И перевернувшись с чистой совестью уснула дальше.

Ну попыталась…

— Ва-а-арька, вставай! — упираясь ногами в пол, Милка попыталась стянуть с меня одеяло и пропыхтела. — Мы. Идем. За. Земляникой.

Одеяло с меня стянули, но я, как Варяг, врагу не сдаюсь!

Поджав ноги и натянув на себя часть простыни, сказала:

— Не-а.

И снова провалилась в объятия Морфея, и снова…

— Ва-а-аря, Азалия Петровна еще в пять утра всем сказала, что земляника пошла! Все уже там, а мы еще…

— Спим, — подтвердила довольно и…

И у меня отобрали подушку, а без подушки я, нежное создание, спать не умею.

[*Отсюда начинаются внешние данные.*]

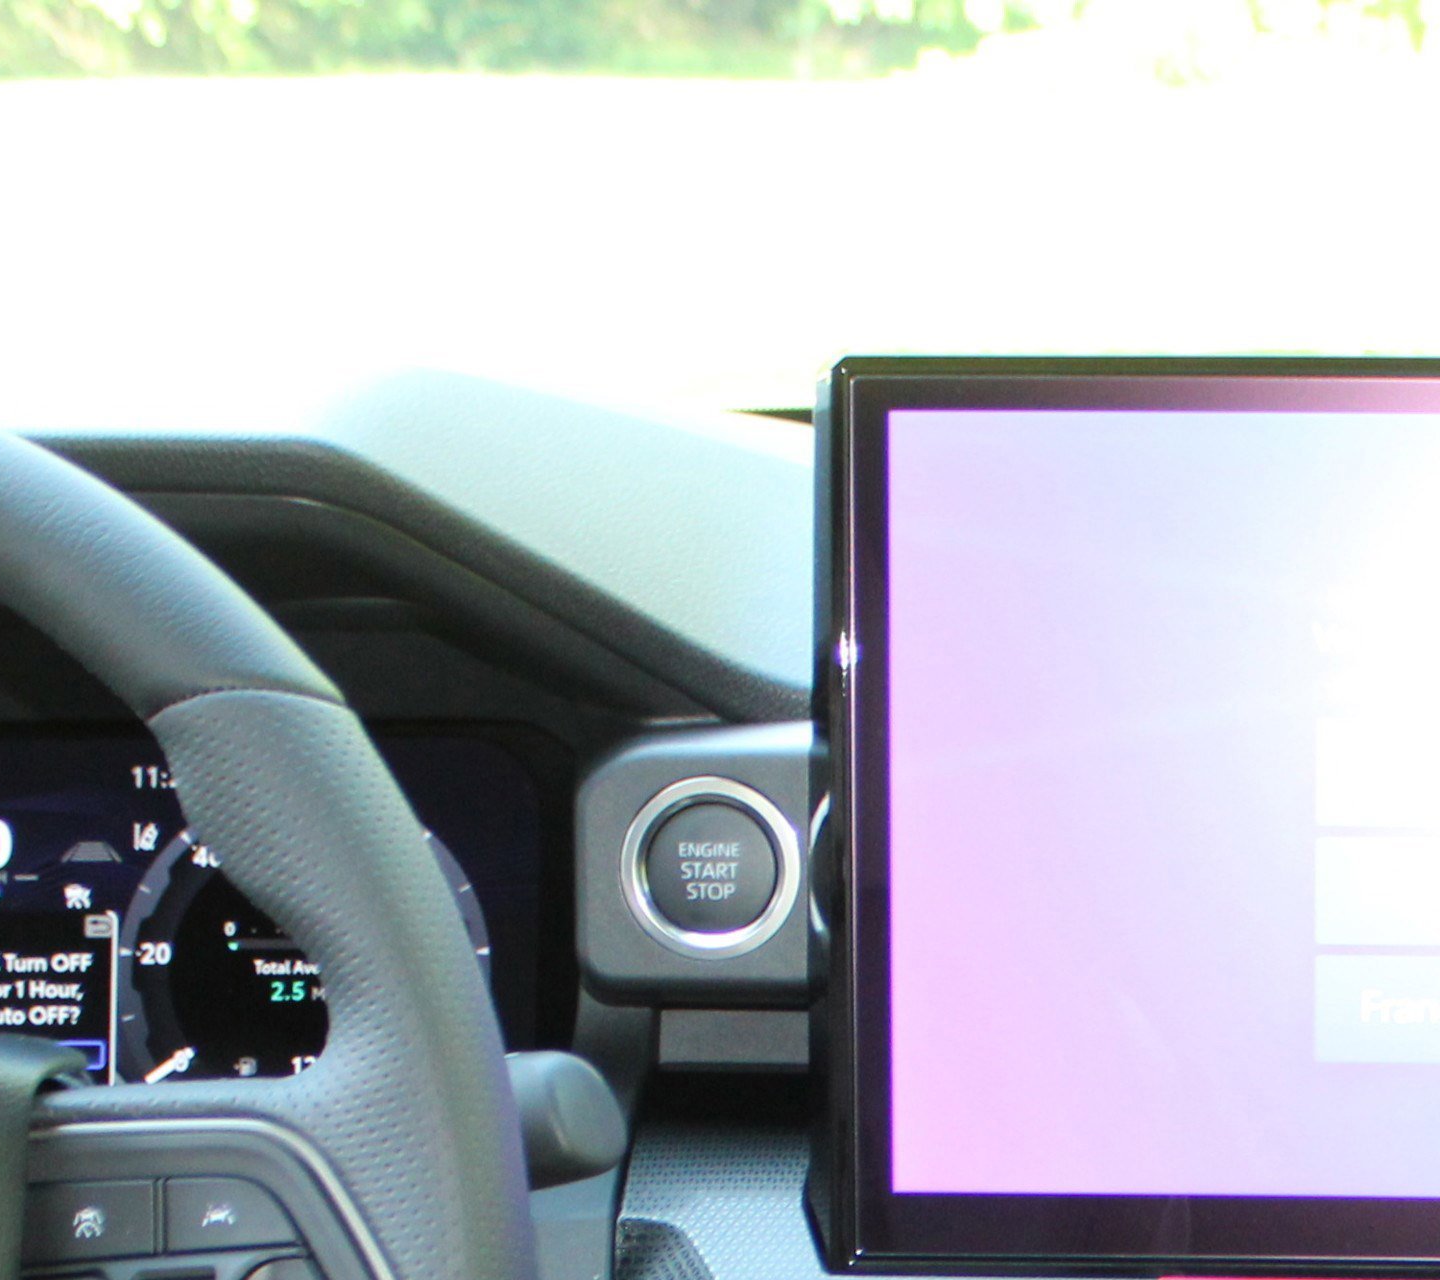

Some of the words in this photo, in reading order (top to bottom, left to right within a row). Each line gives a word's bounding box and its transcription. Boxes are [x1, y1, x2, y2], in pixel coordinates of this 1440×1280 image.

[130, 766, 176, 789] 11:
[677, 842, 742, 859] ENGINE
[679, 861, 738, 881] START
[685, 882, 736, 901] STOP
[2, 953, 48, 974] Turn
[50, 952, 94, 974] OFF
[138, 941, 172, 967] 20
[252, 958, 291, 976] Total
[14, 980, 25, 999] 1
[28, 980, 85, 1002] Hour,
[270, 979, 306, 1003] 2.5
[28, 1005, 82, 1026] OFF?

— Это против правил, — садясь в разоренной постели, обиженно сообщила ей, — удар ниже пояса. Требую в качества сатисфакции подушку!

— Варь, — неожиданно ласково, как змей-искуситель, проворковала Милка, — ты ж любишь землянику?

— Да, но не в восемь утра.

— А она красненькая.

— И? — я с самым непонимающим выражением лица устаивалась на нее.

— И сладкая.

Озадаченно хлопнула глазами и…

— И?

Что? Не только ей надо мной издеваться!

— И ты сейчас идешь ее собирать! — не выдержав, рявкнула Милка.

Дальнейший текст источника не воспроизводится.